Growing Grapes Might be Fun is more than a memoir. Photo: Supplied.

Deidre Macken’s Growing Grapes Might be Fun (Allen & Unwin, 2023, cover design Deborah Parry Graphics, cover photos Getty Images/iStock) urges us to consider how late-life careers are a way of remaking a self we always could have been.

In growing grapes or whatever it is you pursue, she says, you are escaping “the cage of your age”. While this book is a tree-change memoir, I see it firstly as a work of philosophy.

The book pays homage to the land and our relationship with it; it explores the idea of country as the source of our nurture, and the obverse responsibility for us to care for it. It points to the strength of human relationships and the importance of community and it muses on who we are and how we age.

Taking on a rubbish-strewn hill in the Yass district and labouring to restore the place to its pristine beginnings was a Herculean task, but one in which, nevertheless, Deidre and her husband succeeded. The work of Charles Massey, Peter Andrews and the Mulloon Institute informed Deidre’s thinking about the pre-eminence of soil over livestock.

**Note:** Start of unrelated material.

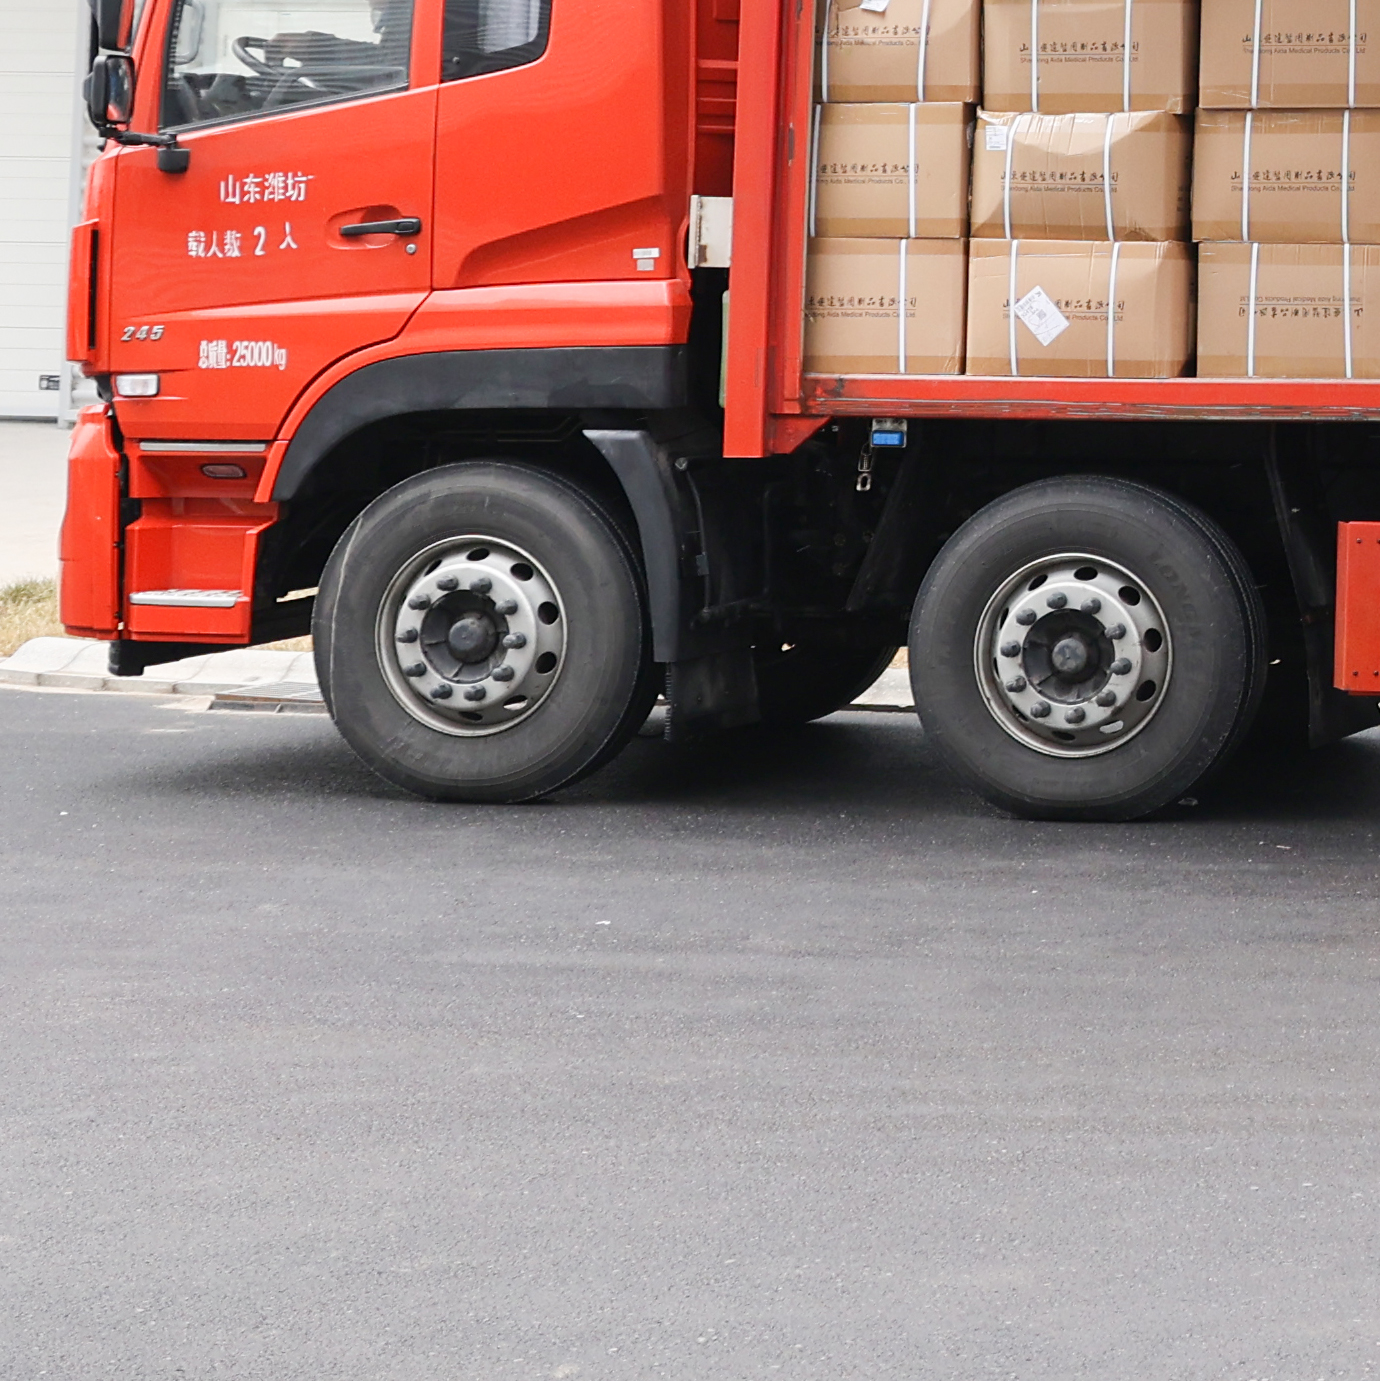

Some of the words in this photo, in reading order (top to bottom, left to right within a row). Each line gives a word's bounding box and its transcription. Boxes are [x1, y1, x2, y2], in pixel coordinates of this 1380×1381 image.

Deidre Macken writes well – as we would expect from someone whose first career was journalism. This is a book that invites us to consider what matters. It is a fluent and articulate work, one which speaks of astute observation and mastery of the pen.

We leave the book feeling exhilarated, not so much because of the success of the grape growing and its transformation into very drinkable wine, as a deep sense of optimism, a faith in the human mind to search for bigger horizons for ourselves, regardless of age.

book cover

Sally Hartley’s life story contains remarkable challenges. Photo: Supplied.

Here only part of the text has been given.